Pare che i rappresentanti degli studenti siano d’accordo, con l’aumento, dato che in sede di consiglio non hanno fiatato, forse non respirano proprio questi. Se gli chiedessero di mettere l’ossigeno tra i crediti a scelta probabilmente direbbero di si. Questi vasi di coccio tra vasi di ferro. Ebbene si, vasi o rappresentanti non pare ci sia molta differenza poiché il fine ultimo sembra essere il medesimo, la vuotezza da riempire; ma mentre un certo tipo di vasi può accogliere terra, semi e relativa pianta e consequenziali fiori, i nostri “vasi universitari” sono vuoti e tali restano.
Anzi, non si sforzano neanche di andare a cercare la terra. Non riescono neanche ad avere scopo di abbellimento come i loro cugini sui balconi. Quasi incoraggiano, l’abbruttimento della nostra università, al di là dei loro smorti colori (bianco-rosso-nero, che importa a questo punto) e dunque cosa sono questi rappresentanti? Marketing. Potrebbero essere qui come alla Fiera Cavalli.
E pensare che noi ci siamo messi a battibeccare su cosa è e cosa non è libertà e censura.

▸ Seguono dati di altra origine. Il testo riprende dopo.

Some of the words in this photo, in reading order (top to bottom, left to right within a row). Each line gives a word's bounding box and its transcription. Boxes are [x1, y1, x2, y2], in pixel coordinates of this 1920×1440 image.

La censura è esattamente questa, mio caro amico Burocrate. Impedire conferenze, impedire una qualsiasi attività non-strettamente didattica se non è patrocinata da Tizio, con i soldi di Caio e con ospite Sempronio, impedire ai propri studenti di sapere anticipatamente che la prossima rata delle tasse verrà aumentata. È impedire di muoversi.

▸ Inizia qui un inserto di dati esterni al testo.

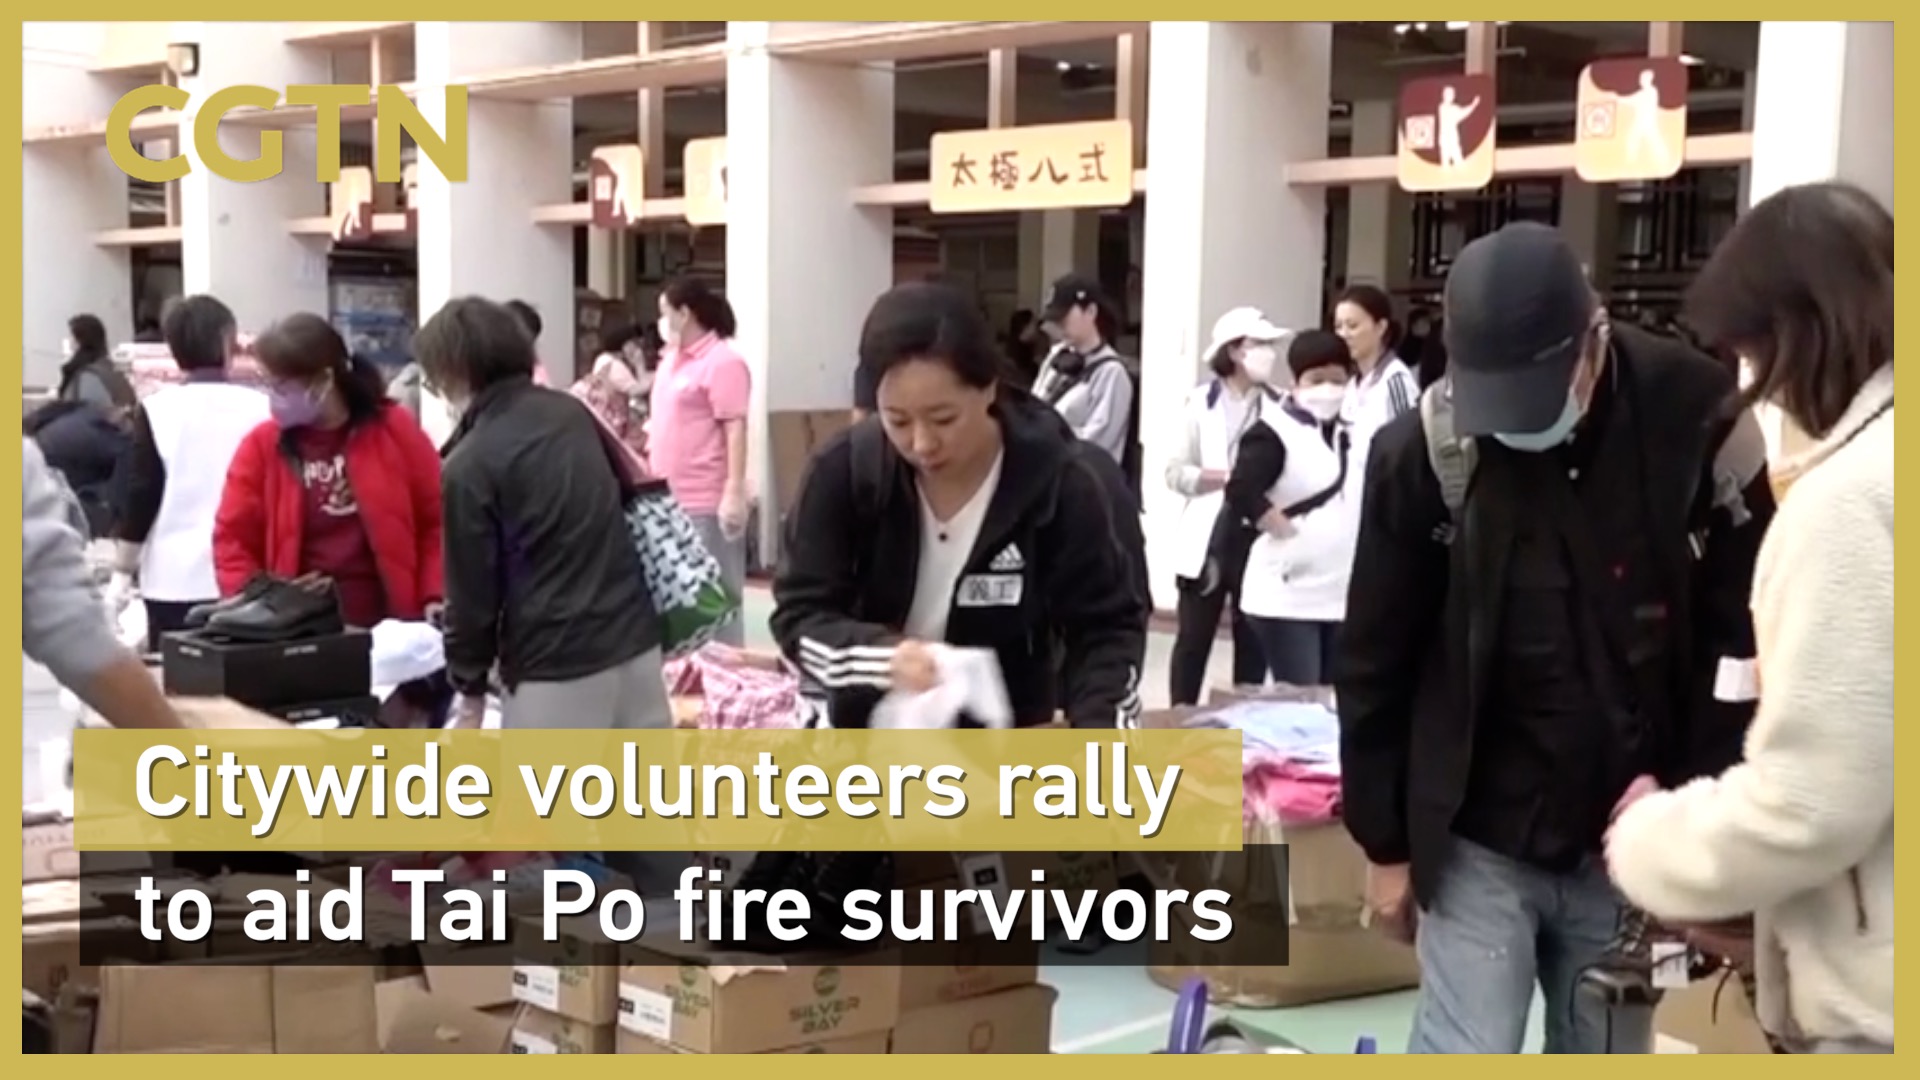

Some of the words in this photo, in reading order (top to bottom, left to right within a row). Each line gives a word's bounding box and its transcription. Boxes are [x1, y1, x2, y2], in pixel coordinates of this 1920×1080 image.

[951, 142, 1109, 190] 太極八式
[789, 996, 860, 1021] SILVER
[801, 1014, 842, 1034] BAY

E poi si grida allo scandalo, ci si appella alla “norma” se le richieste non sono “formali”, se si costruisce un’aula in mezzo all’università, se si chiedono spazi da svariati anni,se si stilano appelli, se si chiede gentilmente, educatamente, formalmente un’assemblea e puntualmente o si rimbalza da un ufficio all’altro o da un ricevimento all’altro. E infine? Il Nulla. Neanche l’abbozzo di una risposta. Anzi adesso ti aumentiamo le tasse, caro studente, così senza sapere come ne perché.
Allora perchè non gridare alla presa per il culo?! Ops. L’ho detto. Non vi piace? Lo ripeto: presa-per-il-culo. No, non scriverò “presa per i fondelli”, userò proprio quella parolina lì “culo”.
Ma è volgare! Basso!Turpe!
E allora? Trovate un altro modo per esprimere il concetto.
Prendi l’eloquenza e torcile il collo disse qualcuno.